_TASK TO COMPLETE:_ Reproduce only this stretch of the listing below: from the line with "this 1280×1280 image." through the line with "this 2048×973 image.", exactly as written, with pictures excluded.

_EXERCISE INPUT:_
********
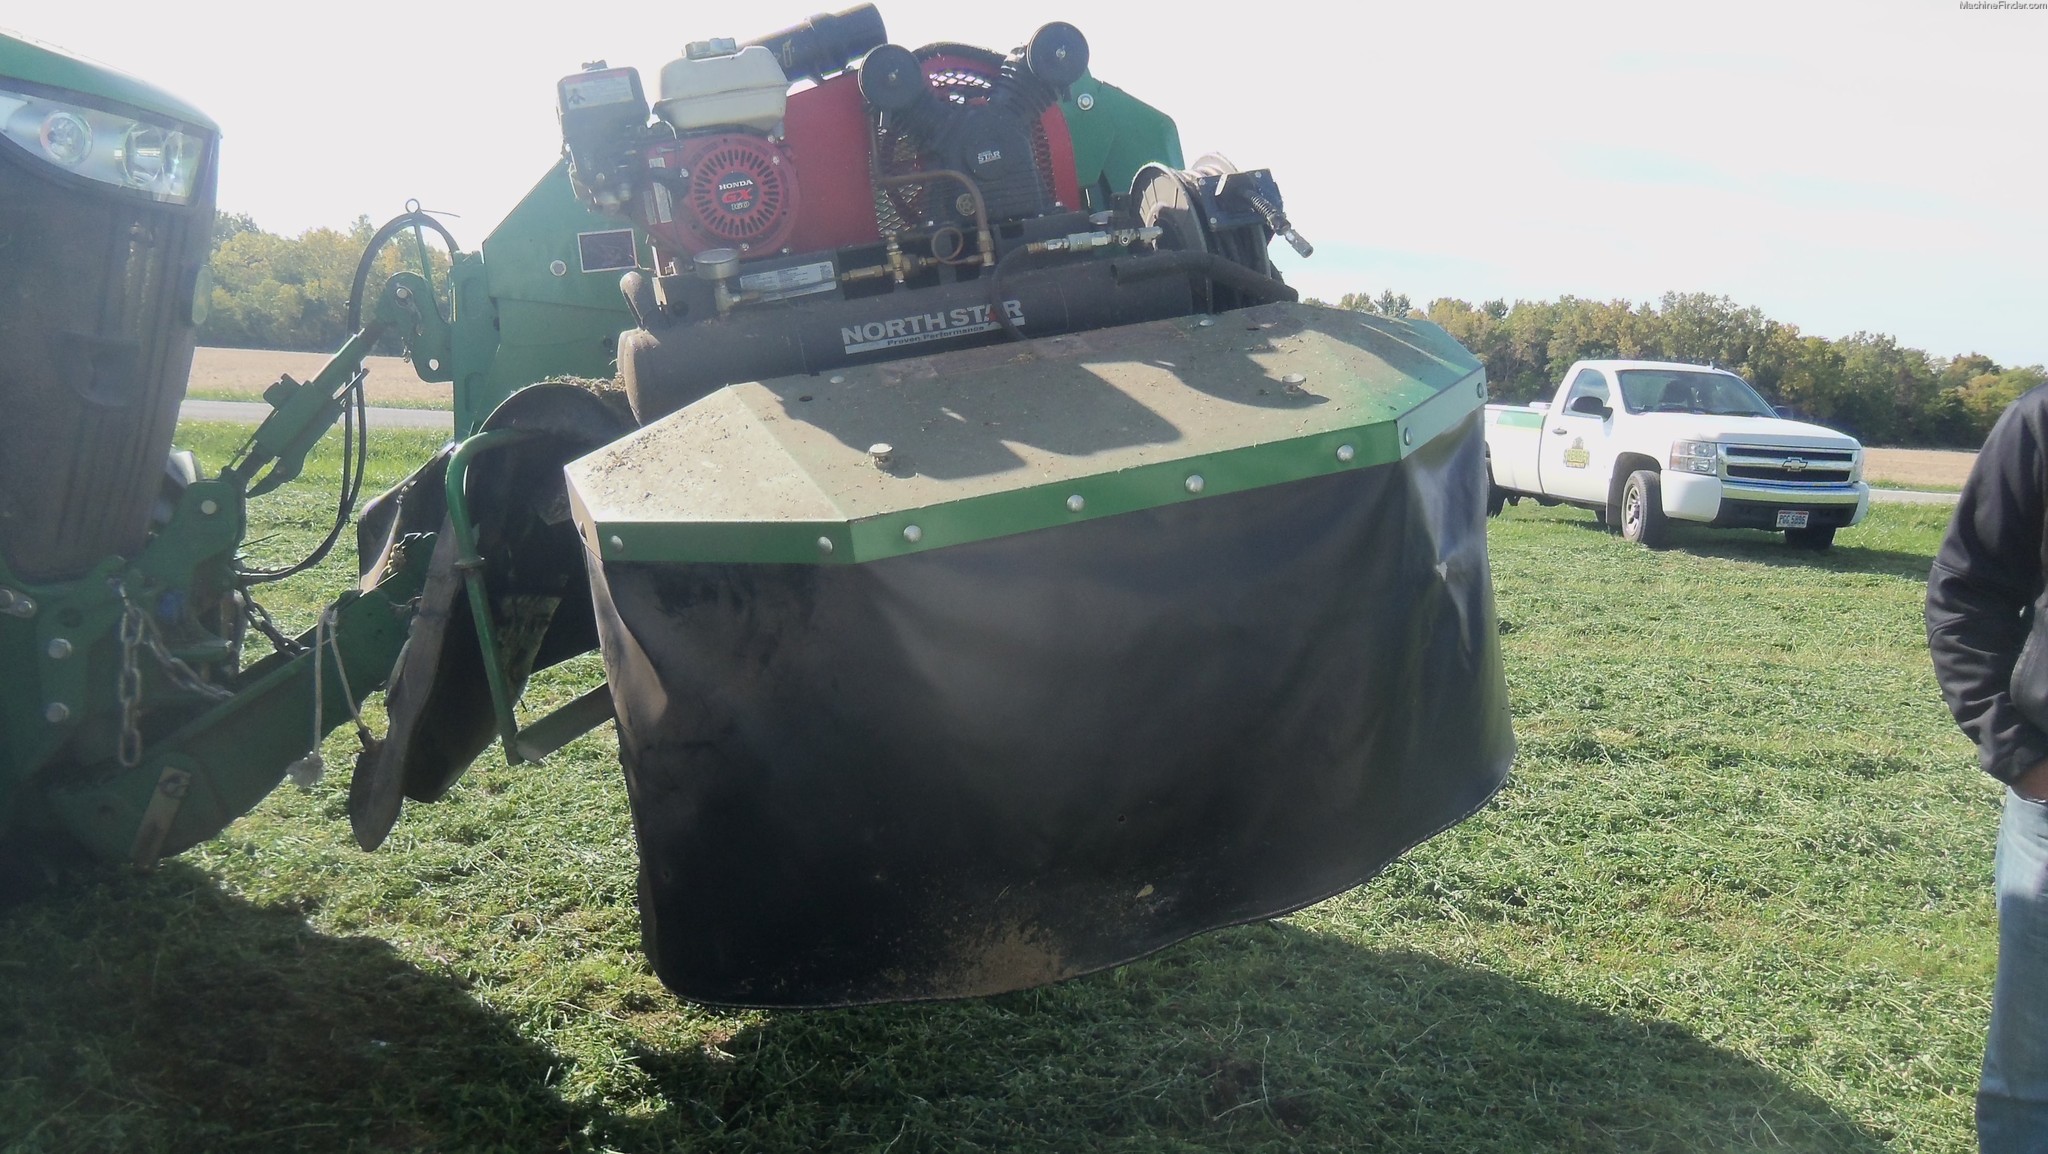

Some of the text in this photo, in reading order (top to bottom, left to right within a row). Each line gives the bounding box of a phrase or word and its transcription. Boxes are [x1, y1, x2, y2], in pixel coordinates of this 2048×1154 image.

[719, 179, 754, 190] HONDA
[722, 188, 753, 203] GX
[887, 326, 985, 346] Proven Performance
********
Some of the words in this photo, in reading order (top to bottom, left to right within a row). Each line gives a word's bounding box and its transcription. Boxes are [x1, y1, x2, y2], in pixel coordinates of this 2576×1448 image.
********
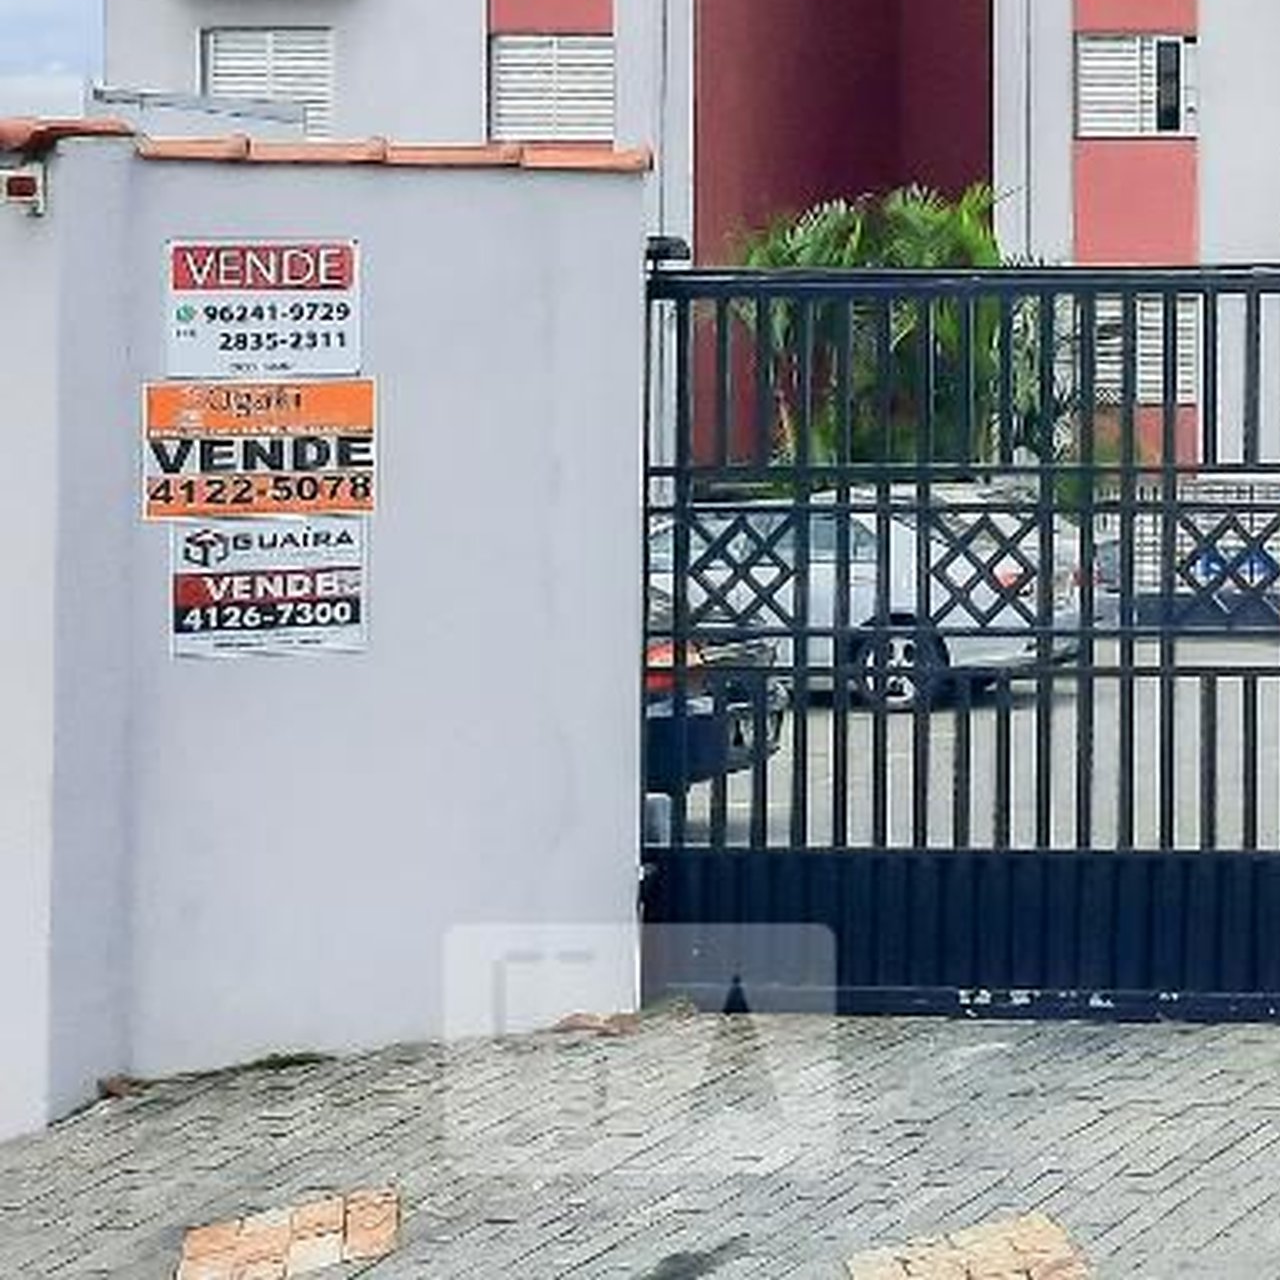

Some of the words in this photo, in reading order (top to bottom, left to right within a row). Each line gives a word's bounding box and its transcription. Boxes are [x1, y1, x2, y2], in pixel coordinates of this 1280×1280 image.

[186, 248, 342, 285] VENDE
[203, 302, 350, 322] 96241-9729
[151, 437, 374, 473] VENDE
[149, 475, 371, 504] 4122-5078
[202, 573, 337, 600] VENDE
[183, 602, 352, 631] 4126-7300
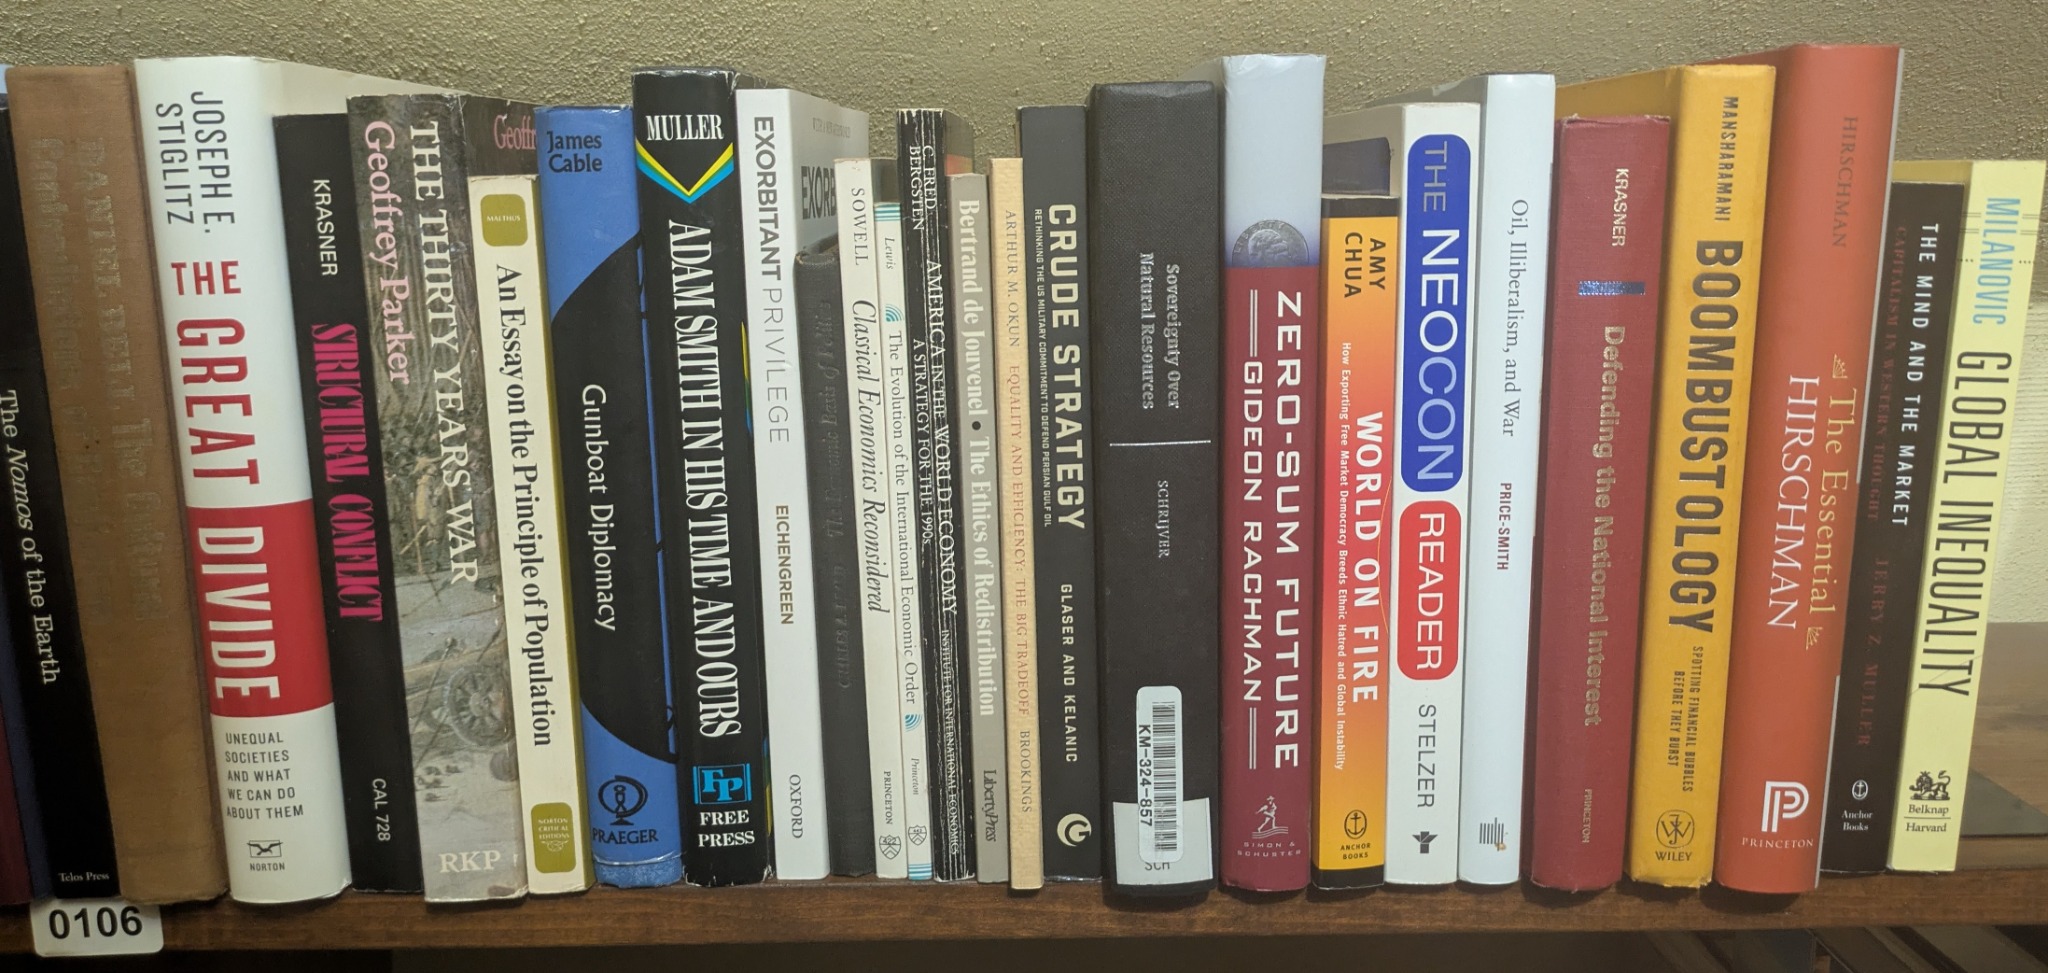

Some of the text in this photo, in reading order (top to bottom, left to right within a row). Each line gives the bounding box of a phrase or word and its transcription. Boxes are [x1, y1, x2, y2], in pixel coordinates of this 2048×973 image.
********
_SOLUTION TO THE PROBLEM:_
Some of the words in this photo, in reading order (top to bottom, left to right within a row). Each line gives a word's bounding box and its transcription. Boxes are [x1, y1, x2, y2], in pixel coordinates of this 1280×1280 image.

[186, 248, 342, 285] VENDE
[203, 302, 350, 322] 96241-9729
[151, 437, 374, 473] VENDE
[149, 475, 371, 504] 4122-5078
[202, 573, 337, 600] VENDE
[183, 602, 352, 631] 4126-7300

Some of the text in this photo, in reading order (top to bottom, left to right within a row). Each line gives the bounding box of a phrase or word and its transcription. Boxes are [x1, y1, x2, y2], in pixel coordinates of this 2048×973 image.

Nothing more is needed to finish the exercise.